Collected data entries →
+++
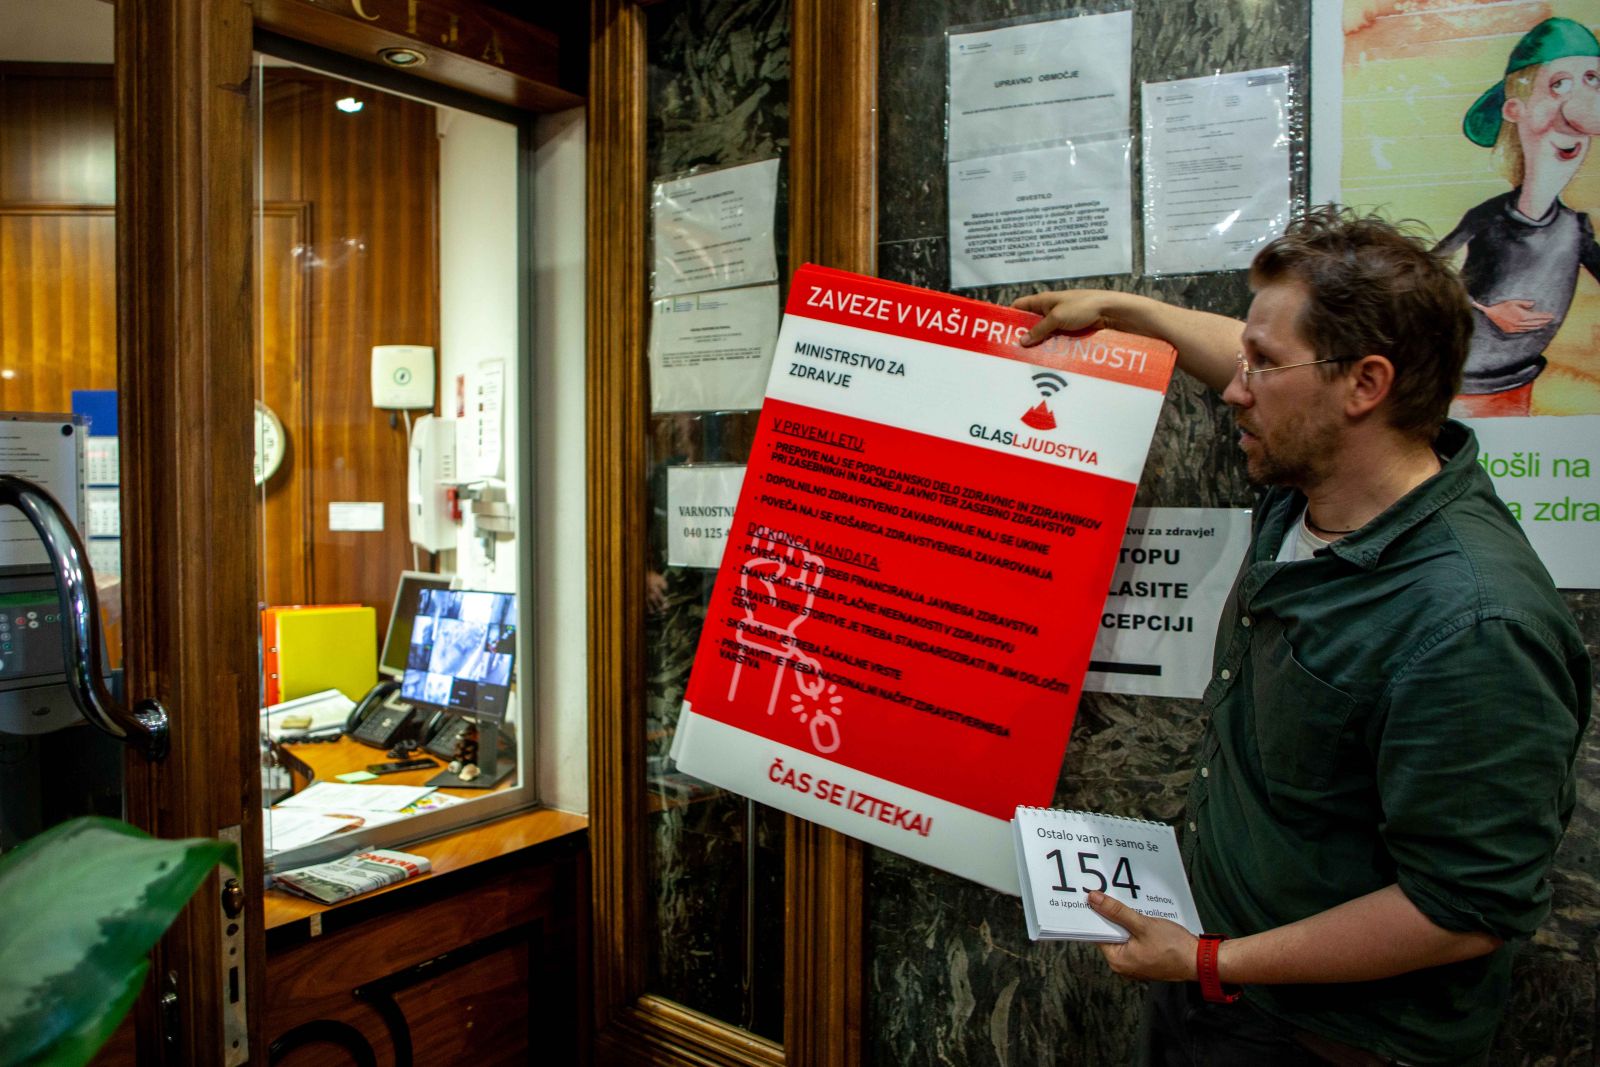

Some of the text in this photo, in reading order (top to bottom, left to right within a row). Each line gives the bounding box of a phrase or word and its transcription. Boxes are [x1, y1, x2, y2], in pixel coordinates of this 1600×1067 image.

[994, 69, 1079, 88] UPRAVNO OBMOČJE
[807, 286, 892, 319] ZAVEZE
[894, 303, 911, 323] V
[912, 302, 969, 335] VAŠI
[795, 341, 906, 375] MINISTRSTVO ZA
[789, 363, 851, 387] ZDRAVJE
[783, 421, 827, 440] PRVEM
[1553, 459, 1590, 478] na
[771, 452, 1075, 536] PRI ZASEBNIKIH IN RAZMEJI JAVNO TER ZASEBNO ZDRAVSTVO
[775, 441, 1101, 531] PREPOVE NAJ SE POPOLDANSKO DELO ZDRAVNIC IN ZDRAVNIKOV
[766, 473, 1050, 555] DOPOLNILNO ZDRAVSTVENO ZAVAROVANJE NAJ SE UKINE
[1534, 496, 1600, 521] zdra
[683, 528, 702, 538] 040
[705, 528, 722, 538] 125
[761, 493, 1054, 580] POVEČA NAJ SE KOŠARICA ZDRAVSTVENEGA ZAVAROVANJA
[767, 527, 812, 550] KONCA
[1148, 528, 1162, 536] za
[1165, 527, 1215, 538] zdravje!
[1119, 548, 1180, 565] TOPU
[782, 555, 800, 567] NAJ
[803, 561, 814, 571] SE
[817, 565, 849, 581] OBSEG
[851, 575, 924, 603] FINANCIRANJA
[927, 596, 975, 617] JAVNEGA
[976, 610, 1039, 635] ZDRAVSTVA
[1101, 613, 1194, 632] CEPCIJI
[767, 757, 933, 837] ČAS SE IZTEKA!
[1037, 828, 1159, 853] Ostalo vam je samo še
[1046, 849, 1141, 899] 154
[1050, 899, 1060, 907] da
+++
THE PROBLEM →
Output all the data, exactly, without images.

SOLUTION TO THE EXERCISE →
Some of the text in this photo, in reading order (top to bottom, left to right within a row). Each line gives the bounding box of a phrase or word and its transcription. Boxes are [x1, y1, x2, y2], in pixel coordinates of this 1600×1067 image.

[994, 69, 1079, 88] UPRAVNO OBMOČJE
[807, 286, 892, 319] ZAVEZE
[894, 303, 911, 323] V
[912, 302, 969, 335] VAŠI
[795, 341, 906, 375] MINISTRSTVO ZA
[789, 363, 851, 387] ZDRAVJE
[783, 421, 827, 440] PRVEM
[1553, 459, 1590, 478] na
[771, 452, 1075, 536] PRI ZASEBNIKIH IN RAZMEJI JAVNO TER ZASEBNO ZDRAVSTVO
[775, 441, 1101, 531] PREPOVE NAJ SE POPOLDANSKO DELO ZDRAVNIC IN ZDRAVNIKOV
[766, 473, 1050, 555] DOPOLNILNO ZDRAVSTVENO ZAVAROVANJE NAJ SE UKINE
[1534, 496, 1600, 521] zdra
[683, 528, 702, 538] 040
[705, 528, 722, 538] 125
[761, 493, 1054, 580] POVEČA NAJ SE KOŠARICA ZDRAVSTVENEGA ZAVAROVANJA
[767, 527, 812, 550] KONCA
[1148, 528, 1162, 536] za
[1165, 527, 1215, 538] zdravje!
[1119, 548, 1180, 565] TOPU
[782, 555, 800, 567] NAJ
[803, 561, 814, 571] SE
[817, 565, 849, 581] OBSEG
[851, 575, 924, 603] FINANCIRANJA
[927, 596, 975, 617] JAVNEGA
[976, 610, 1039, 635] ZDRAVSTVA
[1101, 613, 1194, 632] CEPCIJI
[767, 757, 933, 837] ČAS SE IZTEKA!
[1037, 828, 1159, 853] Ostalo vam je samo še
[1046, 849, 1141, 899] 154
[1050, 899, 1060, 907] da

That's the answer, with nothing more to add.